Hector Berlioz

Carrera temprana

El lugar de nacimiento de Berlioz era un pueblo a unas 35 millas (56 km) al noroeste de Grenoble en los Alpes franceses. Francia estaba en guerra; las escuelas fueron interrumpidas; y Berlioz recibió su educación de su padre, un médico ilustrado y culto, que le dio sus primeras lecciones de música, así como de latín. Pero, como muchos compositores, Berlioz recibió en sus primeros años poca formación formal en música. Trabajó por sí mismo los elementos de la armonía y a los 12 años componía para grupos locales de música de cámara. Con la ayuda de intérpretes, aprendió a tocar la flauta y la guitarra, convirtiéndose en un virtuoso de esta última.

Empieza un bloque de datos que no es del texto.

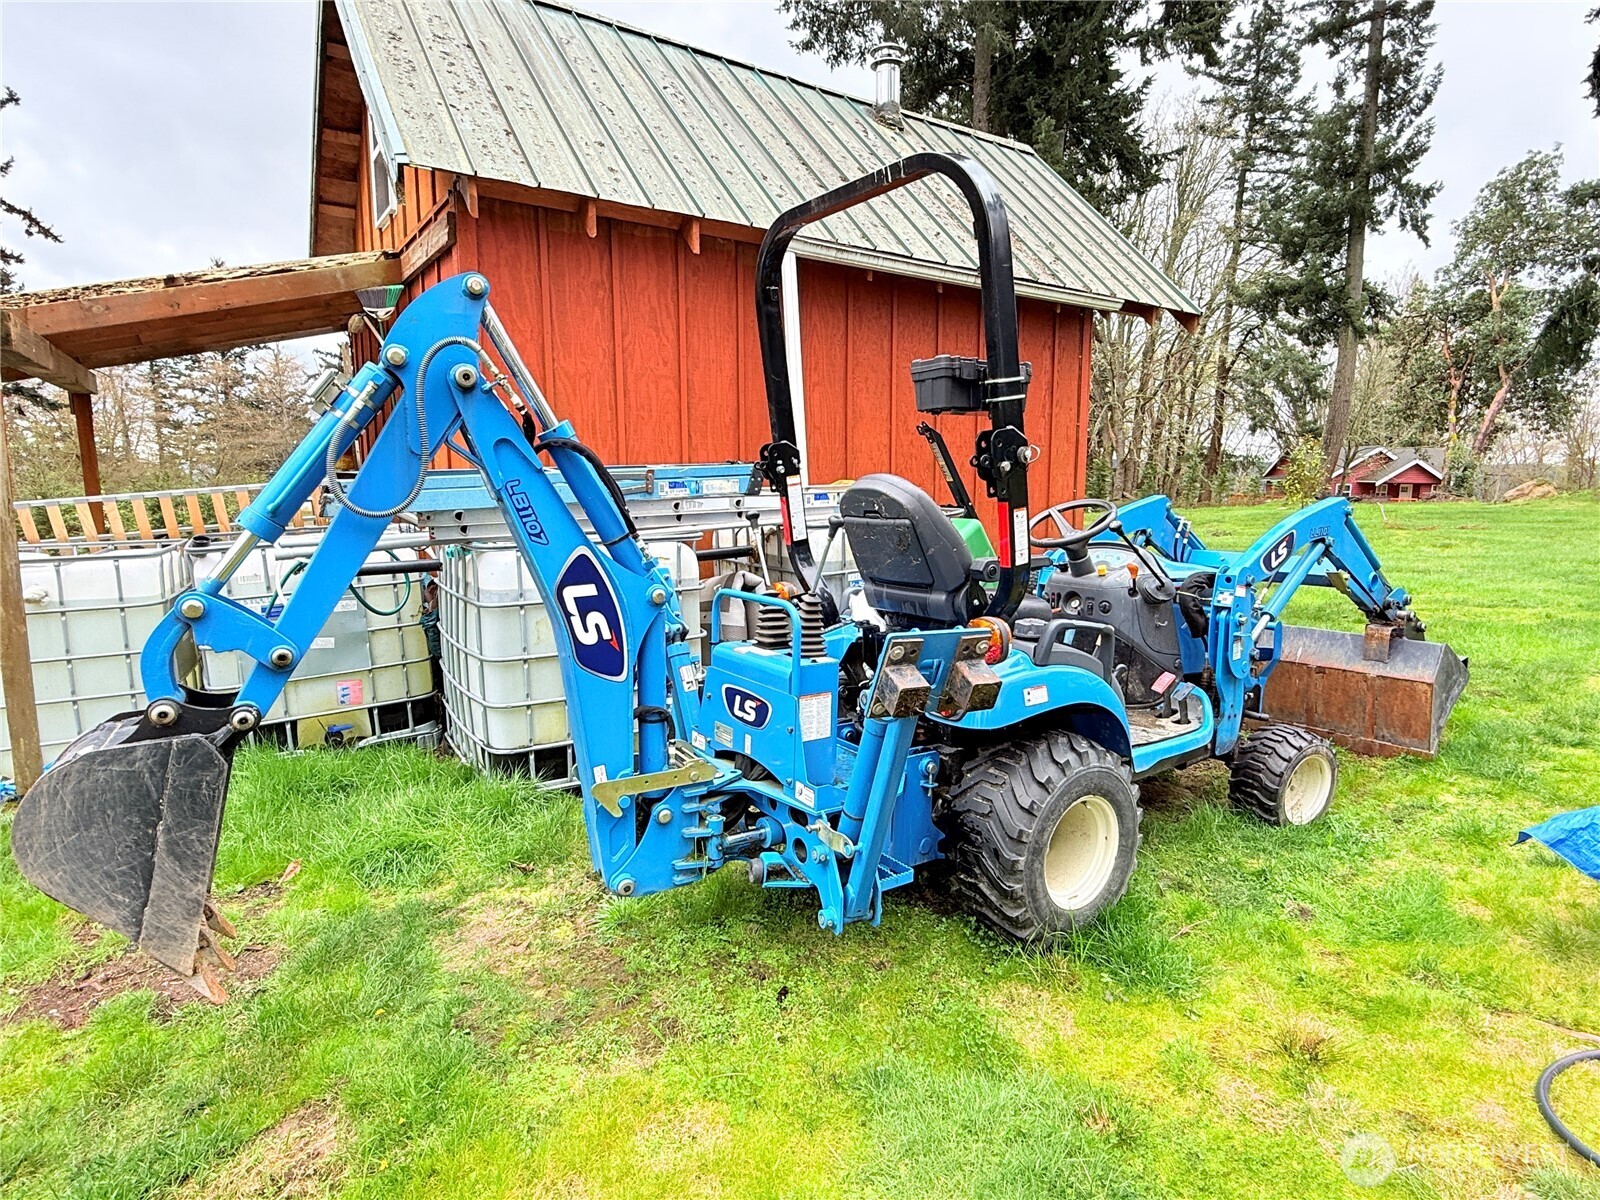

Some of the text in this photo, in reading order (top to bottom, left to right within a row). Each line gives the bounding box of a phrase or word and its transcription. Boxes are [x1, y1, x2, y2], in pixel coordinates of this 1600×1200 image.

[505, 479, 549, 545] LB1107
[1271, 540, 1288, 568] LS
[562, 583, 613, 646] LS
[733, 694, 757, 722] LS
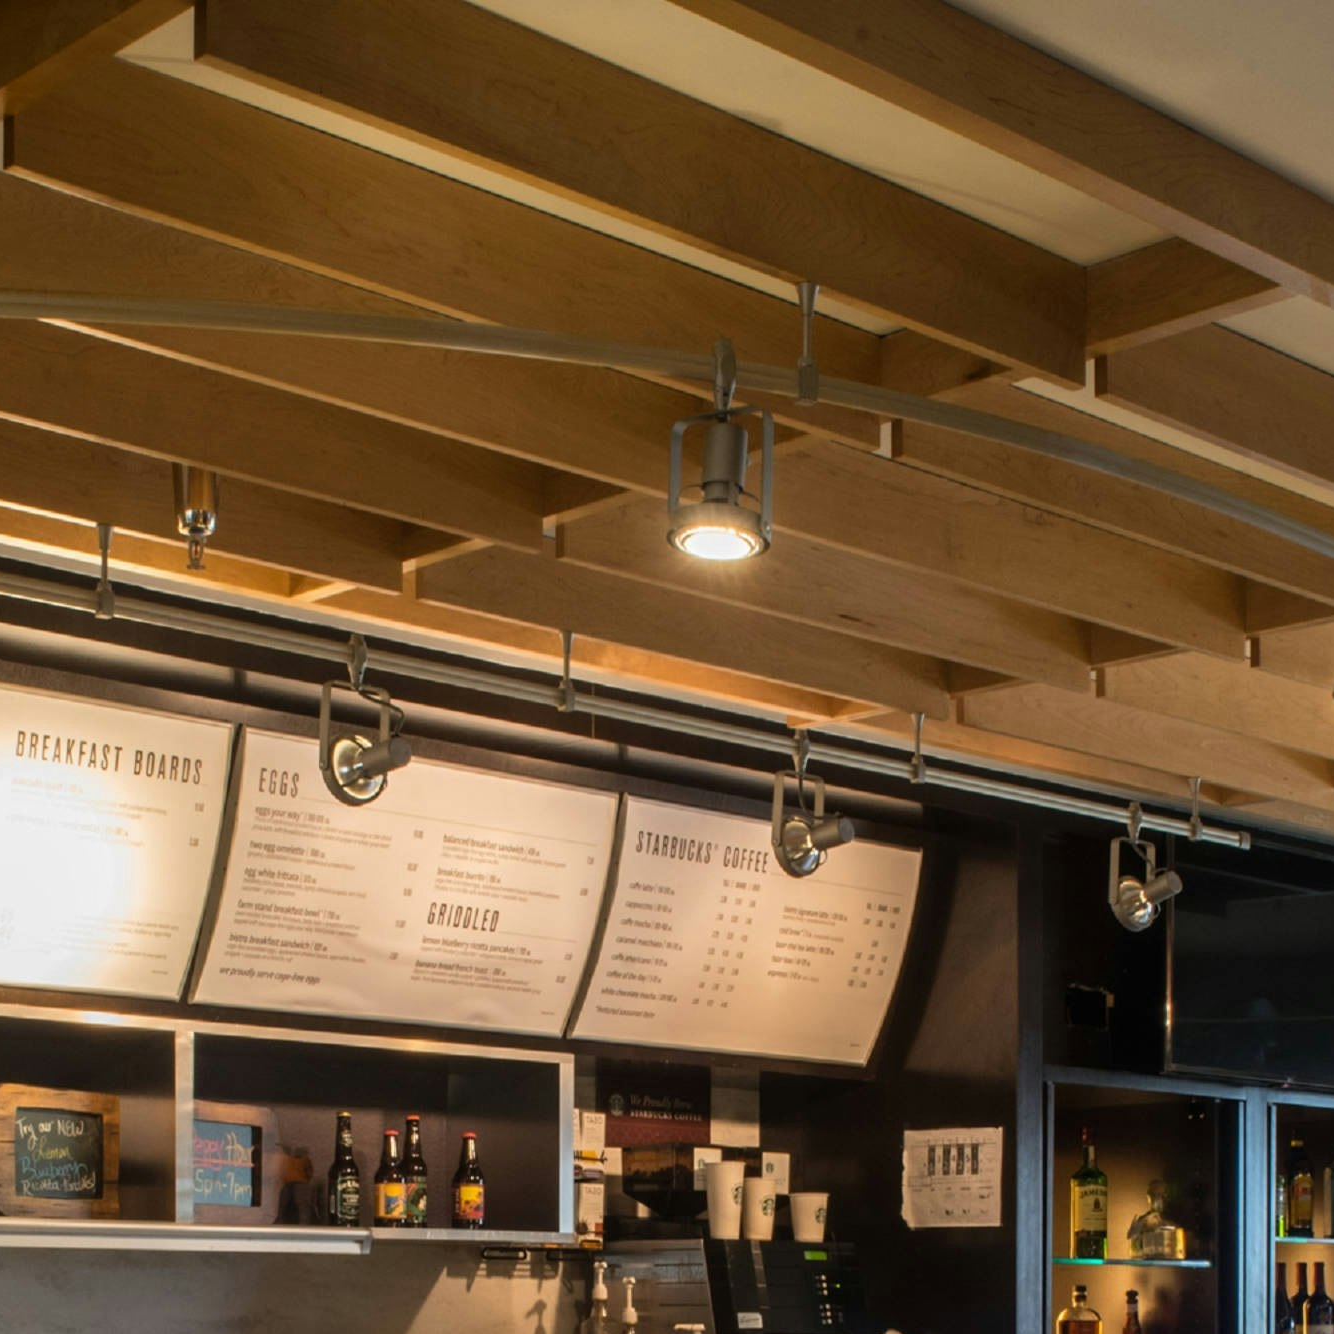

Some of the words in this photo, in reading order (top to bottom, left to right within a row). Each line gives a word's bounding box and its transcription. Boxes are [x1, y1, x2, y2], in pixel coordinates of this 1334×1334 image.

[15, 729, 124, 773] BREAKFAST
[133, 749, 204, 785] BOARDS
[258, 767, 300, 799] EGGS
[635, 830, 713, 865] STARBUCKS
[722, 845, 770, 874] COFFEE
[427, 901, 501, 933] GRIDDLED
[16, 1116, 38, 1153] Try
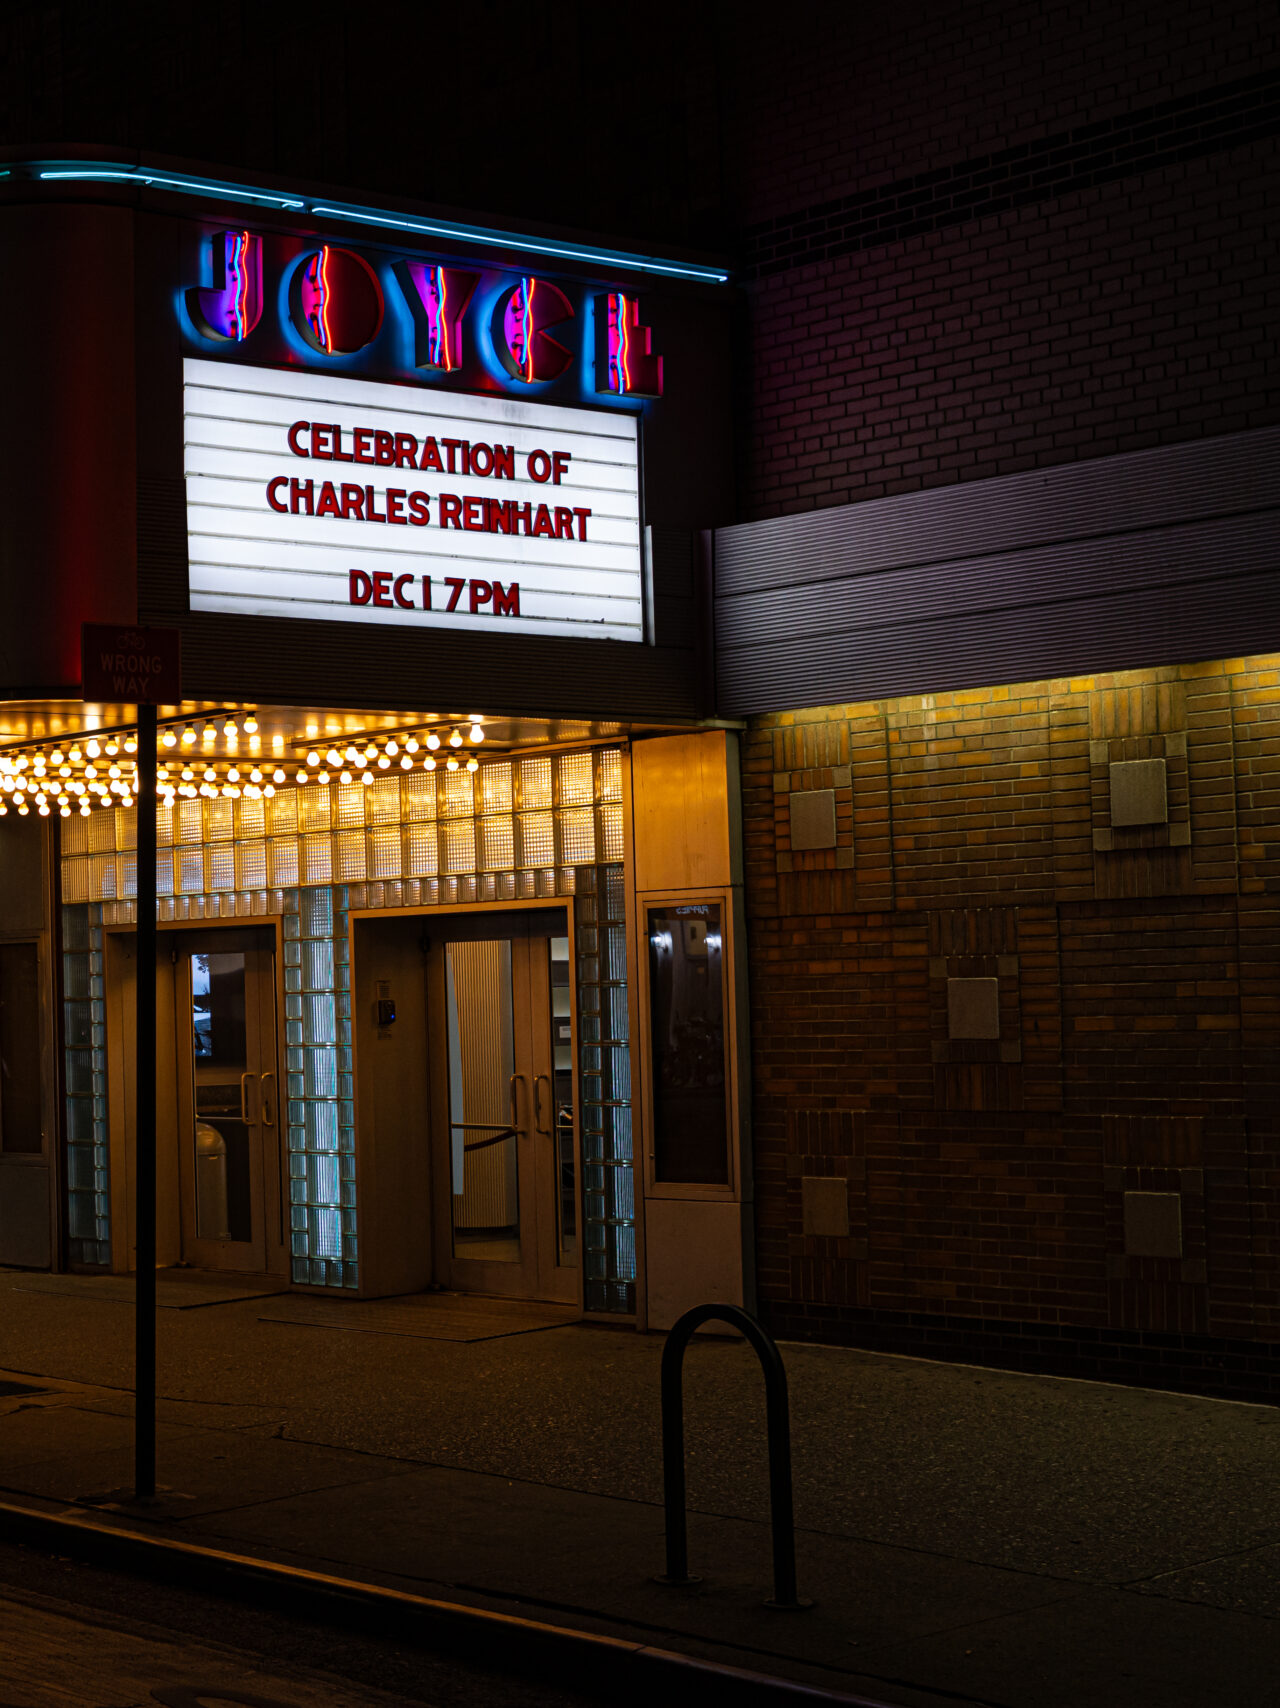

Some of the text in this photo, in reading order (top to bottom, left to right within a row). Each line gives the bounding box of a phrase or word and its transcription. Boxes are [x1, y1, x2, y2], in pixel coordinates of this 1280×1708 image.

[185, 230, 665, 399] JOYCE
[288, 420, 572, 485] CELEBRATION OF
[266, 476, 591, 542] CHARLES REINHART
[349, 568, 414, 610] DEC
[100, 652, 162, 674] WRONG
[112, 675, 150, 698] WAY

En 1821 su padre lo envió a París para estudiar medicina, y durante un año siguió sus cursos con la fidelidad suficiente para obtener su primer título en ciencias. Sin embargo, aprovechó todas las oportunidades para ir a la Ópera de París, donde estudió, partitura en mano, todo el repertorio, en el que las obras de Gluck tenían para él el mayor atractivo y autoridad. Su vocación musical se había vuelto tan clara en su mente que logró ser aceptado como alumno de Jean-François Lesueur, profesor de composición en el Conservatorio de París. Esto llevó a desacuerdos entre Berlioz y sus padres que amargaron casi ocho años de su vida. Perseveró, tomó los cursos obligatorios en el Conservatorio, y en 1830 ganó el Premio de Roma, habiendo recibido el segundo premio en una competición anterior. Estos éxitos apaciguaron a su familia, pero fueron, en cierto sentido, incidentales a su carrera, ya que en el mismo año había terminado y obtenido una interpretación de su primera gran partitura, que también es una obra fundamental en la música del siglo XIX, la Symphonie fantastique.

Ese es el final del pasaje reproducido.